The above judgment was based upon appellee Wear's claim to override commissions upon insurance policies written by the Insurance Company and solicited by one C. H. Earl and twenty-five of his so-called sub-agents.

Wear's right to recover these commissions depends upon the interpretation to be placed upon three contracts executed on July 1, 1946. For the purpose of designating these contracts we will call them contracts Numbers 1, 2 and 3. Contract No. 1 was between Wear and the Insurance Company and had the effect of appointing Wear a solicitating agent of the Insurance Company and authorizing him to solicit insurance policies for the Insurance Company, for which he was to be paid certain stipulated commissions. Contract No. 3 was a somewhat similar soliciting agency contract appointing C. H. Earl a soliciting agent and authorizing him to solicit insurance for the Insurance Company for which he was to receive certain commissions.

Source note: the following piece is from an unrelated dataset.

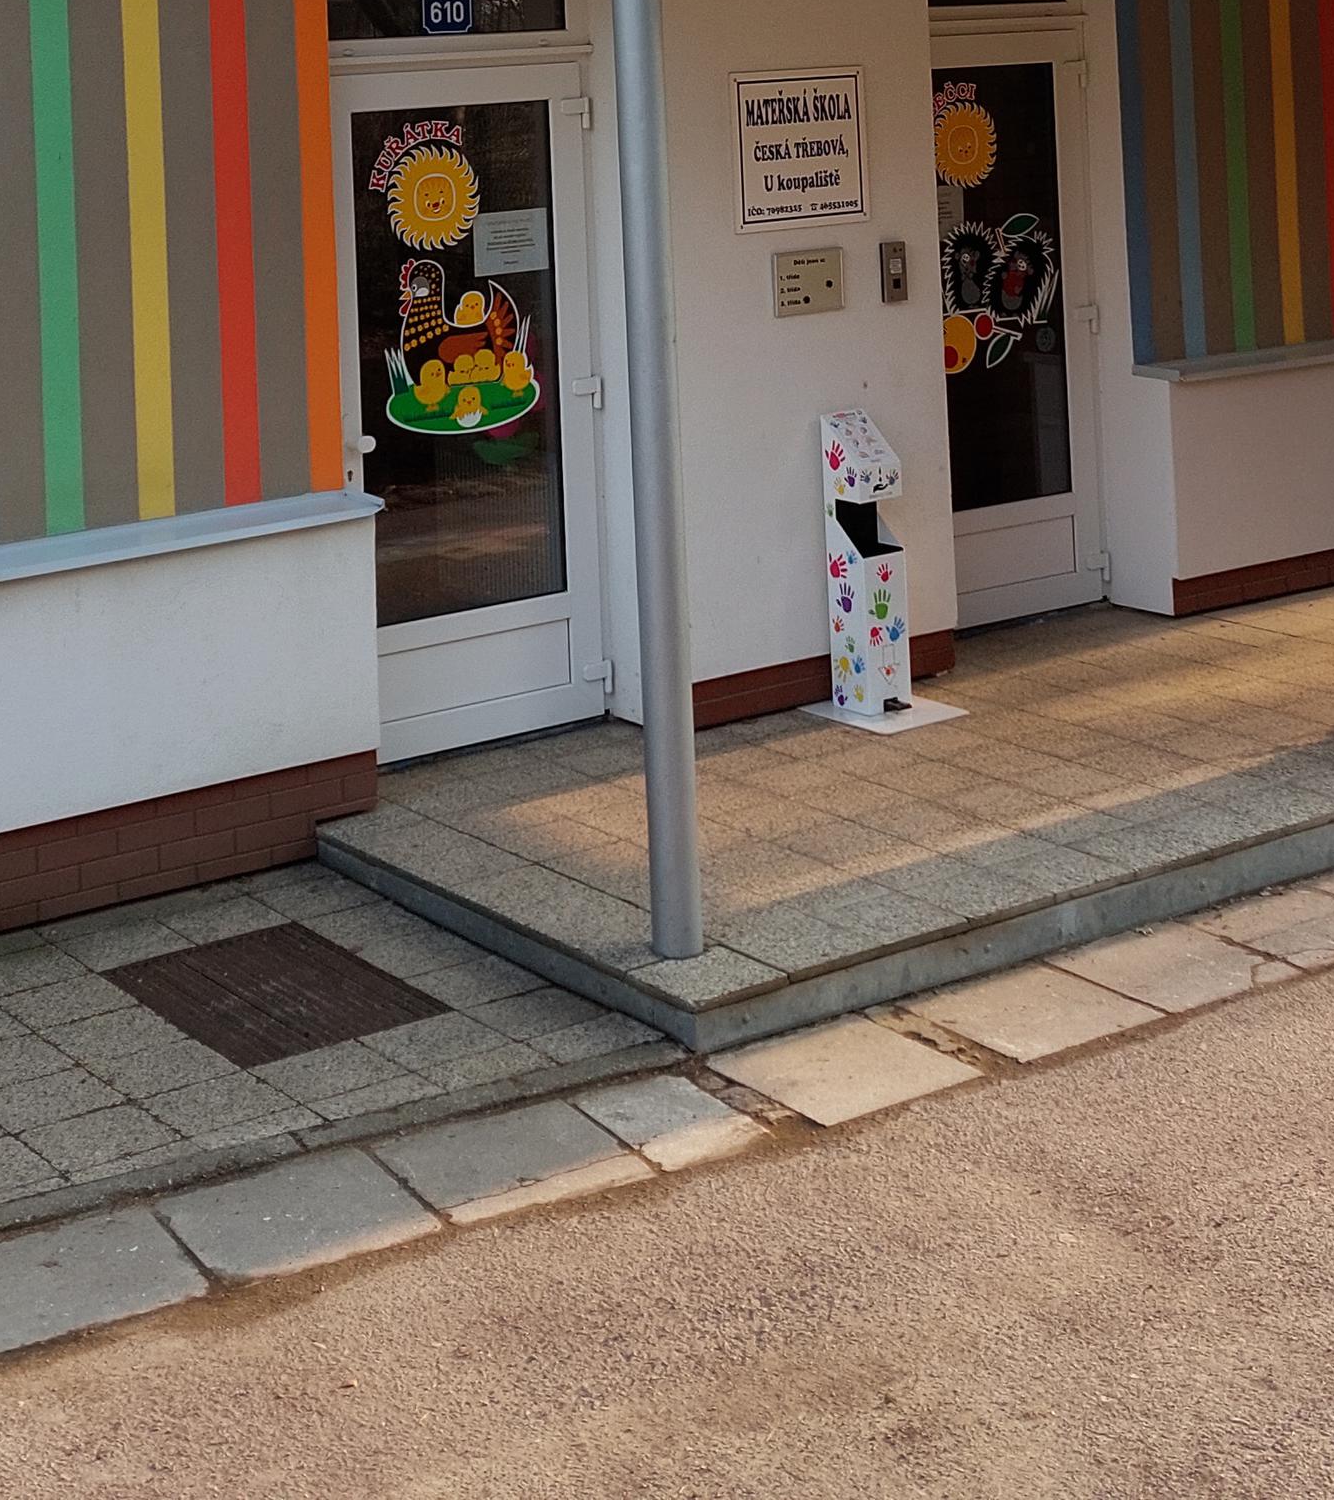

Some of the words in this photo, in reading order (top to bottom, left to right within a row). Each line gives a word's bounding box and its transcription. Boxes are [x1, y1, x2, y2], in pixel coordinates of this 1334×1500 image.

This entire controversy arises under the terms of Contract No. 2. This contract was styled 'Supplemental Agreement' and provided in part as follows: 'The company agrees to pay Gordon Wear the following commission on (premiums paid for) life insurance contracts issued by said company on insurance written (solicited) by C. H. Earl under his contract dated July 1, 1946.' (The parties agree that the inserted words were intended.) Then follows the schedule of percentages to be paid to Wear on the various kinds of life insurance policies to be solicited by Earl.

The first question to be decided is upon what date this Contract No. 2 was terminated. The Insurance Company contends that it was terminated on January 1, 1948, by oral notice given by P. J. Hennessey, Vice-President and General Manager of the Insurance Company to Wear in October, 1947. Wear contends that Contract No. 2 was not terminated until thirty days after written notice of termination or cancellation was given to him on May 28, 1948.

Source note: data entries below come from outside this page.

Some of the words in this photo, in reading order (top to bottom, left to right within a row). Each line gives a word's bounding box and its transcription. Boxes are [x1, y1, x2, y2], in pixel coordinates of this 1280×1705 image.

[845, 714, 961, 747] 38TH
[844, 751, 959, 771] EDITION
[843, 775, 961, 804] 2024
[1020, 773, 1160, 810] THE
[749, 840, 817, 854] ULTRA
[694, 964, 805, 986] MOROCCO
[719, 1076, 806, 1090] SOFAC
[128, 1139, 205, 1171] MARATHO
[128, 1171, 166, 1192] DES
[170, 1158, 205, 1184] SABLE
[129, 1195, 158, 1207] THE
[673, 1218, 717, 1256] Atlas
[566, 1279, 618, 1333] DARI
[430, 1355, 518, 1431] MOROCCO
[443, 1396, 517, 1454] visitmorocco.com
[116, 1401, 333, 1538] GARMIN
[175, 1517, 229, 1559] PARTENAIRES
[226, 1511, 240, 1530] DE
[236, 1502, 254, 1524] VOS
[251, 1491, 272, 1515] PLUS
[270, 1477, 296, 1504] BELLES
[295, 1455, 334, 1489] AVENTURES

There was no provision within the four corners of Contract No. 2 for written notice of termination, but such a provision is found in Contract No. 1. Appellee, Wear, contends that these two contracts, being executed between the same parties on the same date and relating to the same subject matter and Contract No. 2 being styled 'Supplemental Agreement,' should be read and construed together as one contract, and that when this is done paragraph X of Contract No. 1 became a part of Contract No. 2, and that this paragraph provides for termination only upon thirty days' written notice.

We are well aware of the general rule contended for by Wear. It is well stated in 10 Tex.Jur. § 166, Contracts, p. 286, as follows: 'All written instruments whereby a single transaction is consummated are to be taken and construed together. So, instruments executed at the same time or contemporaneously, for the same purpose, and in the course of the same transaction, are to be considered as one instrument, and are to be read and construed together; and in such case parol evidence is admissible to connect the instruments and to explain any conflict between them.' The authorities are so numerous upon this general proposition that we do not deem it necessary to cite them here.

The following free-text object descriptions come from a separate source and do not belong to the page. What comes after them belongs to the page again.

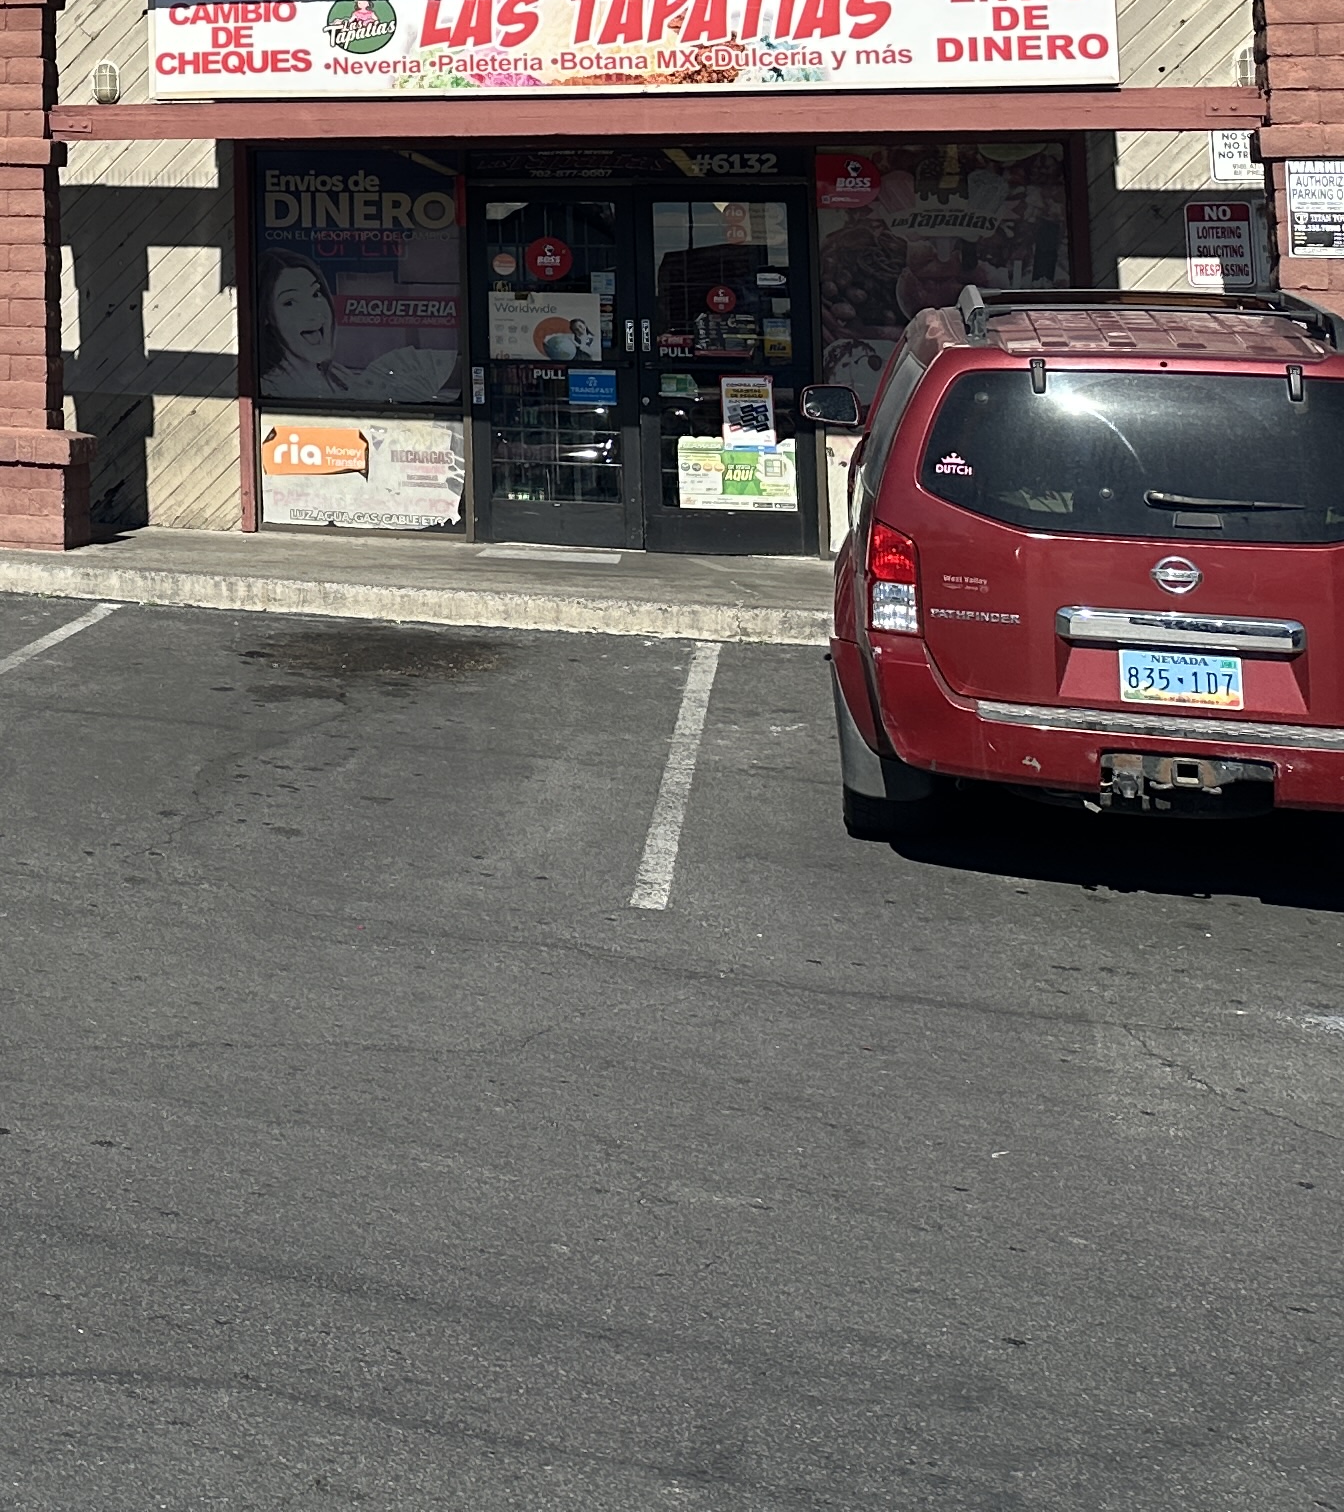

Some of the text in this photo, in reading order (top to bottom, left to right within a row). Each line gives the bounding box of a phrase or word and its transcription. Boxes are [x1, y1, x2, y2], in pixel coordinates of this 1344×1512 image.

[169, 0, 297, 27] CAMBIO
[992, 5, 1050, 31] DE
[342, 20, 362, 31] Las
[211, 26, 253, 49] DE
[323, 21, 395, 49] Tapatias
[936, 33, 1109, 63] DINERO
[155, 49, 312, 75] CHEQUES
[657, 48, 696, 68] MX
[831, 50, 846, 70] y
[855, 44, 912, 64] más
[1222, 132, 1237, 140] NO
[1218, 151, 1234, 159] NO
[691, 153, 778, 174] #6132
[1288, 161, 1344, 173] WARNI
[265, 170, 380, 192] Envios de
[836, 177, 871, 187] BOSS
[1292, 189, 1333, 200] PARKING
[264, 192, 456, 230] DINERO
[725, 208, 744, 218] ria
[1204, 206, 1231, 220] NO
[891, 212, 996, 230] Las Tapatias
[265, 231, 293, 241] CON
[295, 231, 310, 241] EL
[726, 229, 744, 238] ria
[1197, 226, 1241, 239] LOITERING
[1197, 245, 1244, 258] SOLICITING
[1194, 264, 1249, 277] TRESPASSING
[345, 299, 457, 316] PAQUETERIA
[495, 303, 557, 313] Worldwide
[660, 347, 693, 357] PULL
[534, 369, 565, 379] PULL
[273, 433, 322, 465] ria
[326, 446, 362, 457] Money
[391, 450, 453, 465] RECARGAS
[725, 467, 753, 481] AQUÍ
[936, 464, 973, 475] DUTCH
[382, 514, 419, 526] CABLE
[943, 575, 988, 586] West Valley
[930, 608, 1021, 624] PATHFINDER
[1150, 655, 1210, 666] NEVADA

Appellant, Insurance Company, contends that these two contracts were not executed for the same purpose but had very different purposes; that Contract No. 1 was executed for the purpose of appointing Wear a soliciting agent for the Insurance Company and Contract No. 2 was executed for the purpose of giving Wear, as a general agent of the Insurance Company, override commissions on insurance solicited by Earl under his contract of even date, being Contract No. 3.

Contracts Nos. 1 and 2 do not expressly refer to each other or expressly make one a part of the other. The only thing that might be so construed is the fact that Contract No. 2 is styled 'Supplemental Agreement'; also, it might be mentioned that Contract No. 1 expressly provides in paragraph XVI thereof that: 'this agreement, together with any amendments thereto duly executed constitutes the entire contract between the parties.' This last provision was a stereotyped provision found in all of the soliciting agency contracts executed by the Insurance Company.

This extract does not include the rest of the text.